Die „AG nachhaltig mobil im Dresdner Norden“ setzt sich für einen Wandel in der Verkehrsnutzung im Stadtbezirk Klotzsche ein. Die Sicherheit von Fußgängern und Fahrradfahrern ist eins der zentralen Themen der Arbeitsgruppe.

Der Knotenpunkt am Klotzscher Marktplatz bzw. dem Kreuzungsbereich Karl-Marx-/ Flughafen-/ Boltenhagener Straße bis zur Hermann-Reichelt-Straße wird von vier Buslinien befahren und hat eine hohe Um- und Einsteigefrequenz. Die Boltenhagener Straße wird täglich von bis zu 12.600 Kraftfahrzeugen befahren. Während des Berufsverkehrs ist es trotz Verkehrsinsel zwischen Ahlbecker und Travemünder Straße sehr problematisch die Straße zu überqueren. Gerade für Eltern mit Kindern und Personen mit eingeschränkter Mobilität führt die Kombination aus zwei Ein- und Ausfahrten großer Parkplätze, zwei Bushaltestellen und direkt benachbarten Querstraßen zu Verunsicherung. An dieser Stelle wird mehr Gleichberechtigung unter den Verkehrsteilnehmern benötigt. Die „AG nachhaltig mobil“ fordert daher Tempo 30 für einen verkehrsberuhigten Geschäftsbereich zwischen Frida-Konsum und Einmündung Travemünder Straße, sowie ein Zebrastreifen an der Verkehrsinsel. Am 13. Dezember (15:30 Uhr) geleiten einige Mitglieder der AG in Zebrakostümen Passanten während der nachmittäglichen Hauptverkehrszeit über die viel befahrene Boltenhagener Straße, um auf diese Forderungen aufmerksam zu machen. Eine entsprechende Versammlung wurde angemeldet.

Es gibt bereits einen neuen Zebrastreifen auf dieser Straße, am Königswaldplatz. Die notwendigen Tiefbau- und Markierungsarbeiten wurden in nur zehn Tagen abgeschlossen und die Baukosten betrugen rund 9 000 Euro. Sie sind also viel günstiger zu bauen und zu betreiben als Ampeln. Die Grundlage für die Errichtung des Fußgängerüberweges an dieser Stelle ist der Stadtratsbeschluss A0404/18 vom September 2018, seitdem in Dresden wieder verstärkt auf Zebrastreifen gesetzt wird. Verkehrsbürgermeister Raoul Schmidt-Lamontain: „Zebrastreifen sollen vor allem dort zum Einsatz kommen, wo Fußgänger auch ohne Ampeln sicher eine Straße überqueren können.

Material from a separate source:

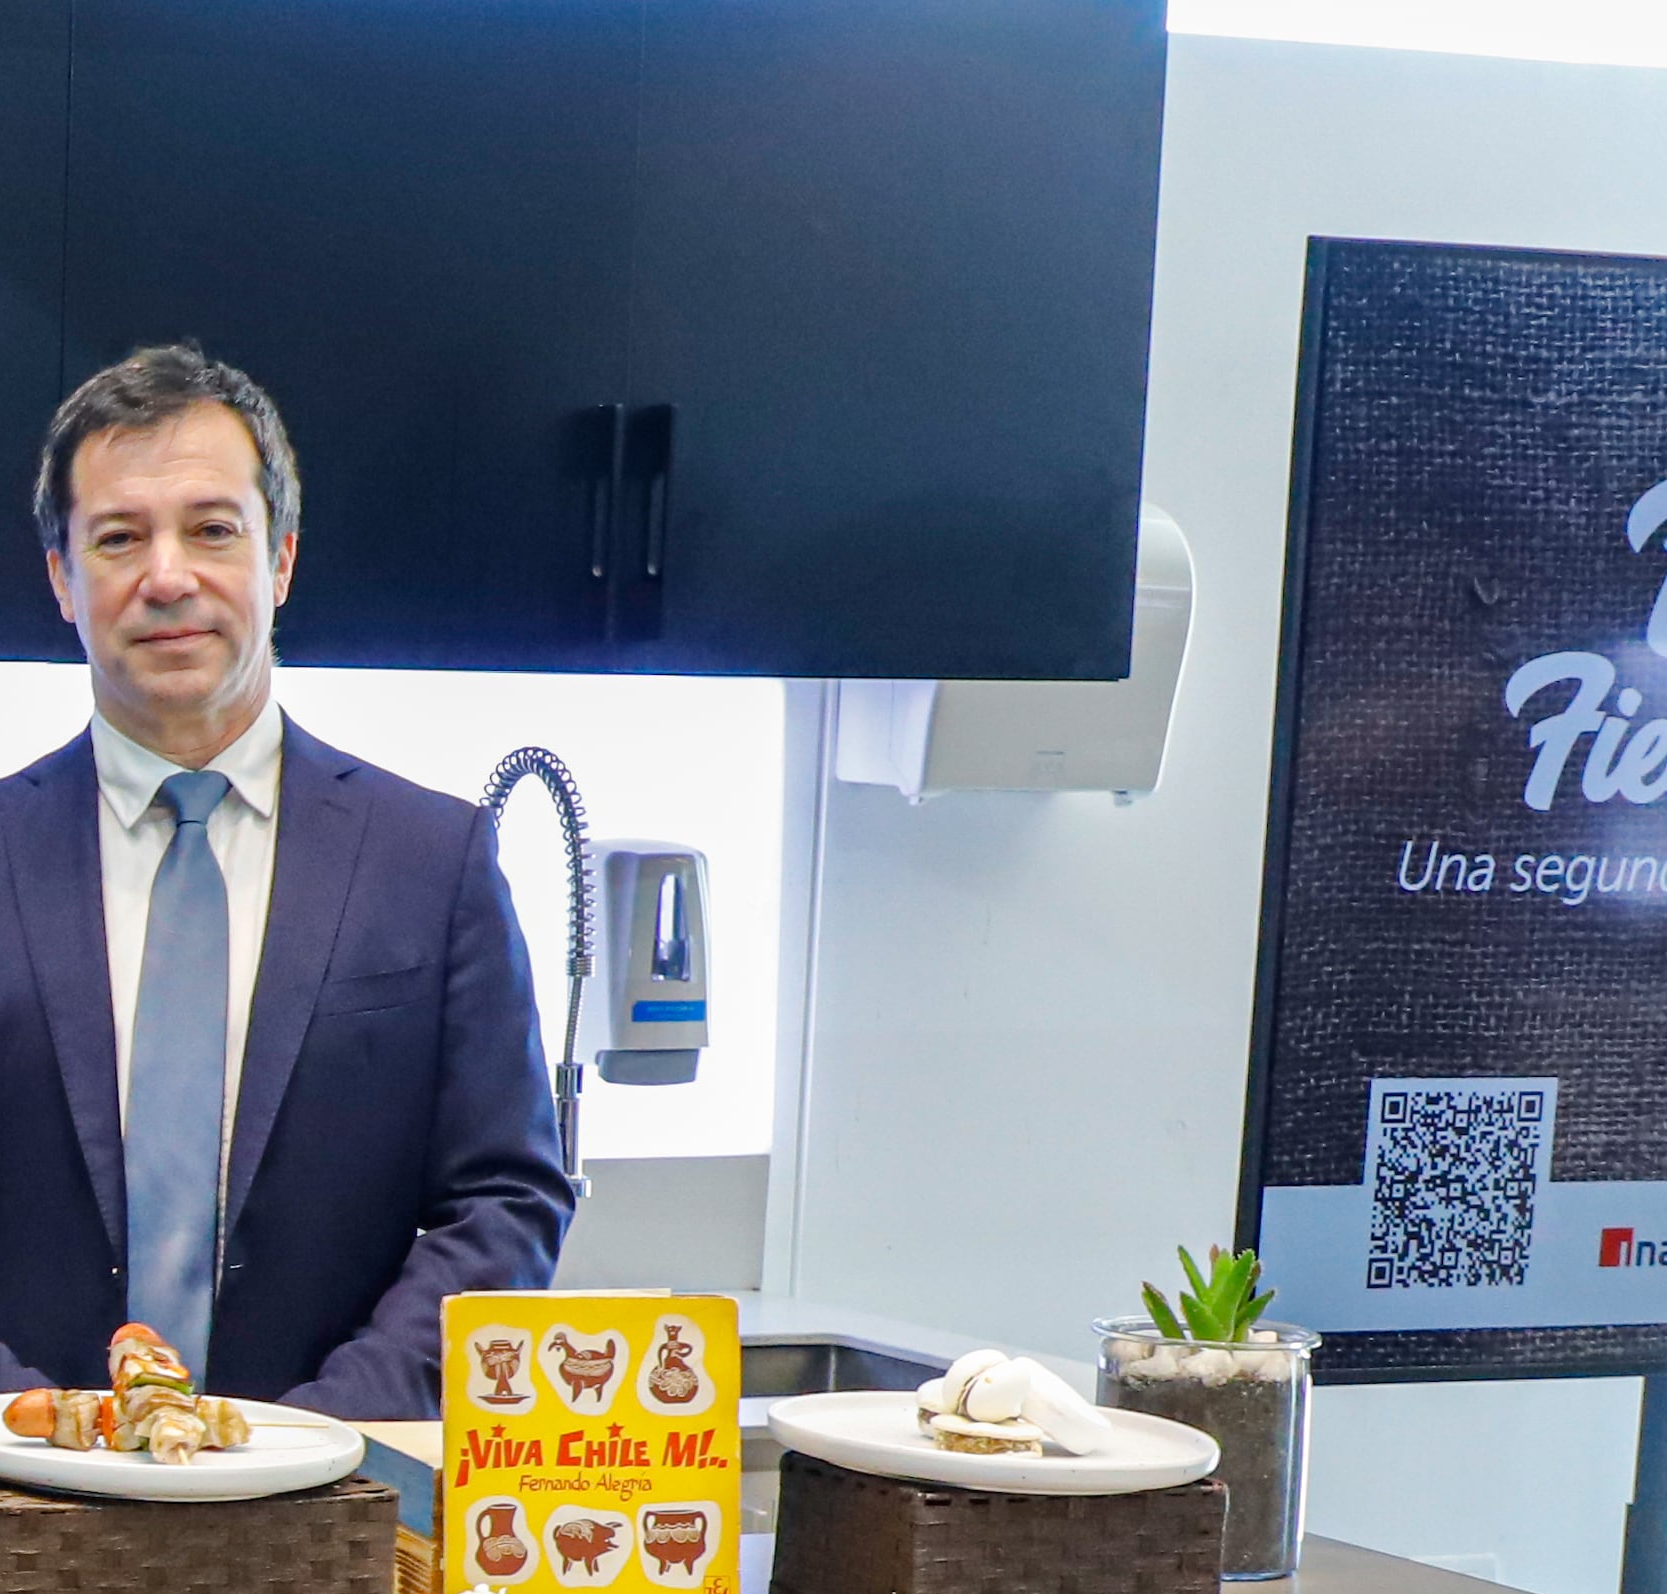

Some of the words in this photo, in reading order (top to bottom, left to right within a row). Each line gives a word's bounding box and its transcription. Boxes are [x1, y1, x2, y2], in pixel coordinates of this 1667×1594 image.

[1398, 840, 1496, 892] Una
[519, 1471, 591, 1493] Fernando
[596, 1472, 653, 1503] Alegría

Sie bieten eine eindeutige, sehr fußgängerfreundliche Vorrangregelung und zumeist kürzere Wartezeiten gegenüber lichtsignalgeregelten Übergängen.“

 

2 Comments

  1. Der Übergang mit Mittelinsel für Fußgänger auf der Boltenhagener Straße am Kik-Markt hat sich gut bewährt. Ebenso der an der 82. Grundschule Casparistraße. Es sollte davon weitere geben.
    Leider werden die Radfahrer in Klotzsche allgemein benachteiligt. Diese Situation bedarf einer Verbesserung. Üblicherweise haben Parkplätze getrennte Ein- und Ausfahrten. Siehe Lidl an der K.-M.-Straße. Das sollte auch am Klotzscher Marktplatz entsprechend umgebaut werden. Der Briefkasten der DP sollte aus der Einfahrt des Marktplatzes an eine ungefährliche Stelle verlegt werden. Ein Tiket-Automat der DVB wird hier ebenfalls dringend benötigt. Der über die Boltenhagener Straße ragende Ast an der Bushaltestelle der Linie 70 stellt eine Gefahr dar und sollte beseitigt werden bevor etwas passiert.

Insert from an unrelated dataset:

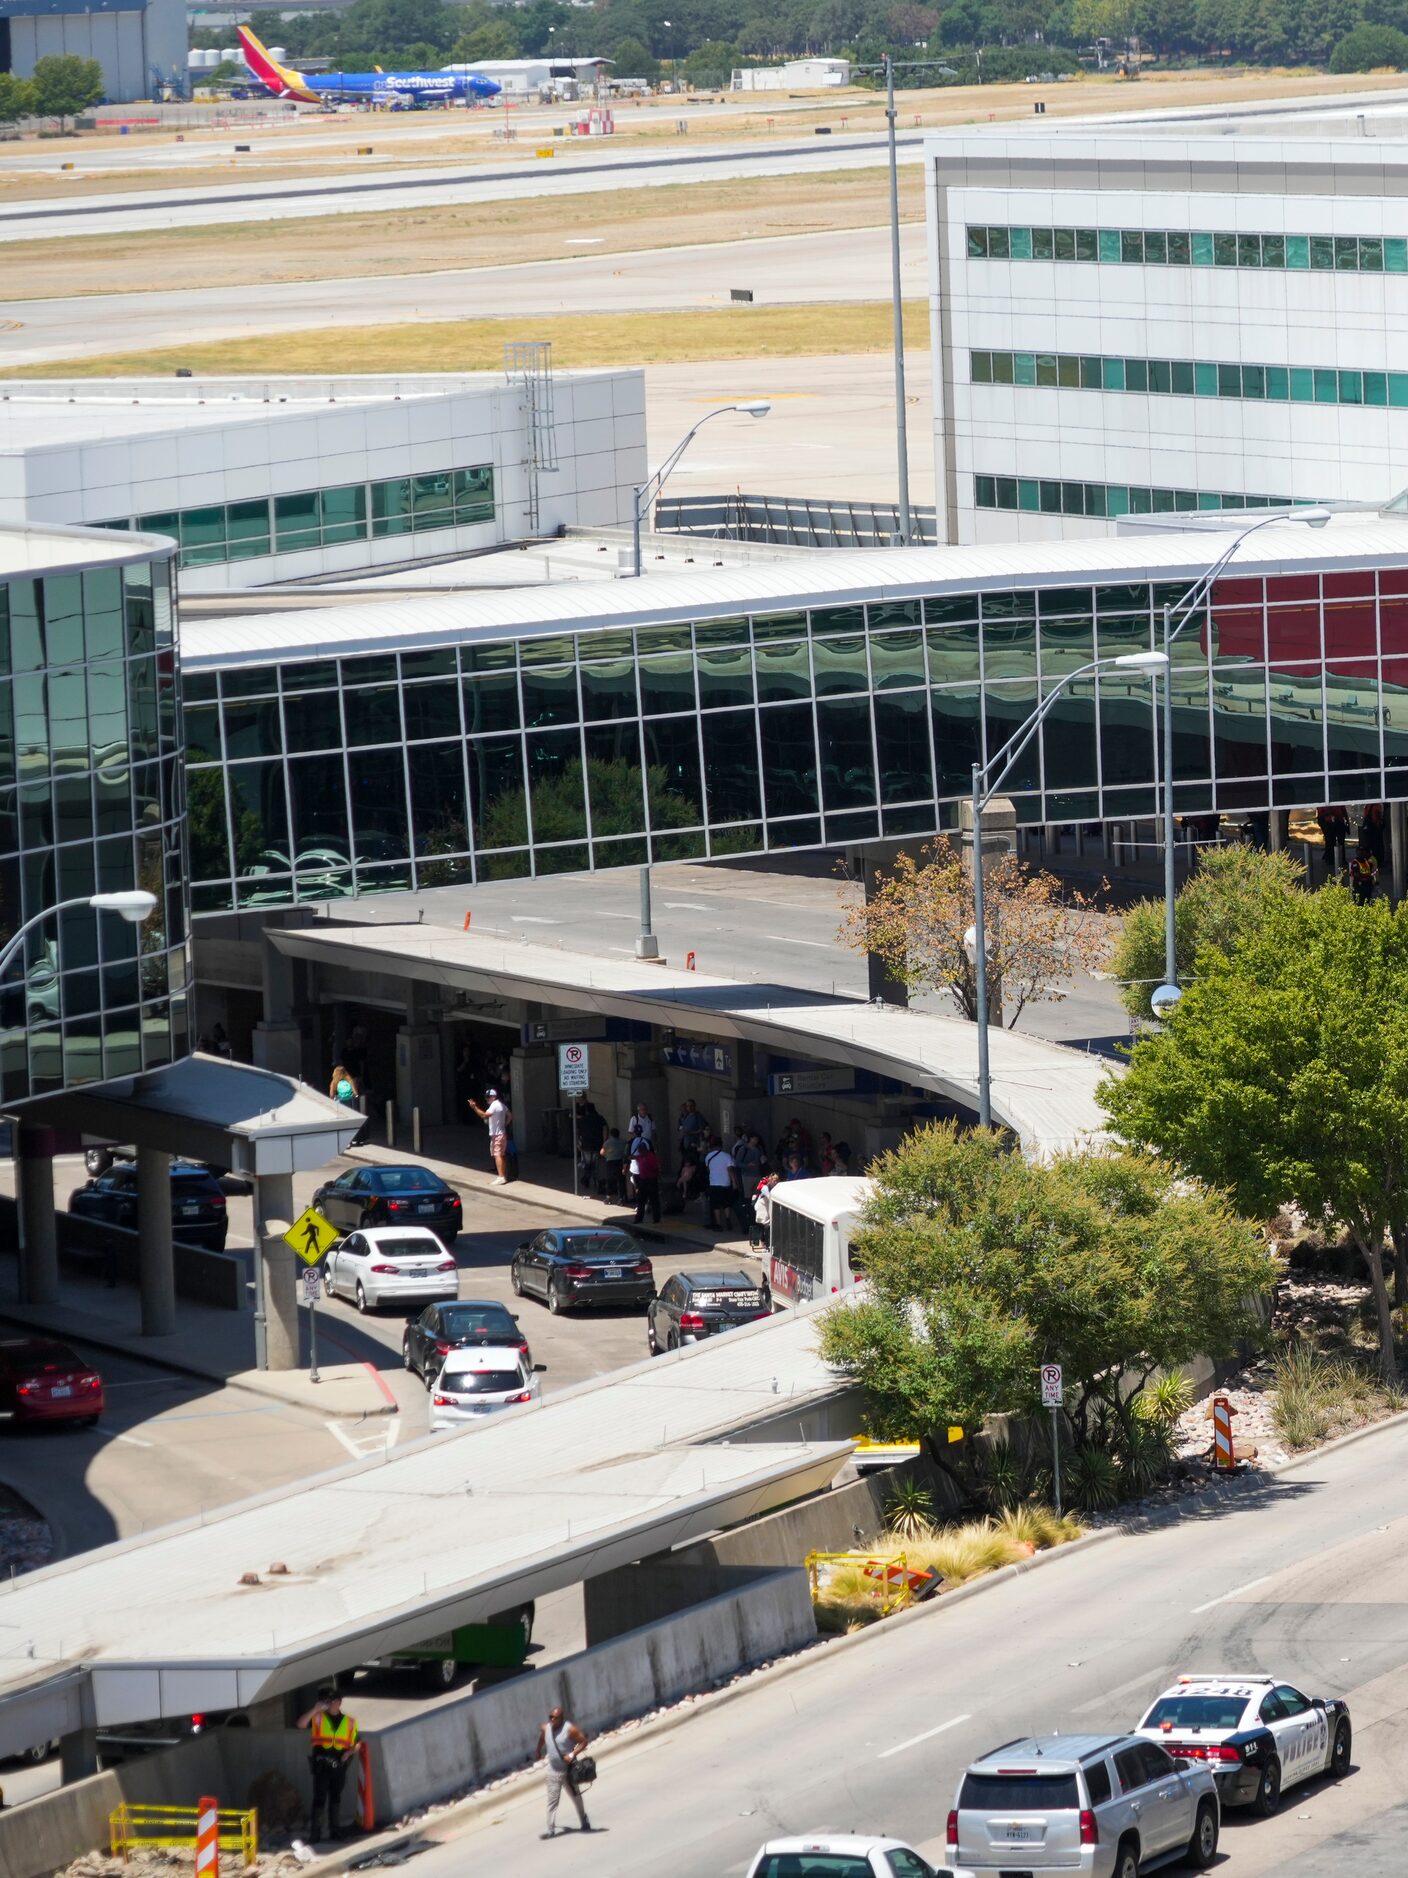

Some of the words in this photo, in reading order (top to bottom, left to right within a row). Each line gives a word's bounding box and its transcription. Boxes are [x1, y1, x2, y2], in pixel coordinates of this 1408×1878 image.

[386, 76, 455, 88] Southwest
[773, 1260, 789, 1290] AVIS
[1168, 1687, 1254, 1697] 4248
[1283, 1732, 1319, 1767] POLICE

  2. Natürlich kann durch Aufbringung eines Zebrastreifens am Fußgängerübergang die Verkehrssituation noch verbessert werden, indem dort die Raser dadurch hoffentlich zu einer vernünftigen Fahrweise bewegt werden. Das wird vermutlich auch schon durch die Einrichtung einer 30er Zone zwischen Frida-Markt und Einmündung der Travemünder Straße erreicht. Gut wäre auch die Installation einer elektronischen Leuchttafel in beiden Richtungen, auf der dem Fahrzeuglenker die momentan gefahrene Geschwindigkeit angezeigt wird. Solche Leuchttafeln sieht man oft in anderen bundesdeutschen Städten, wo sie sich längst bewährt haben. Warum nicht auch in unseren Breiten?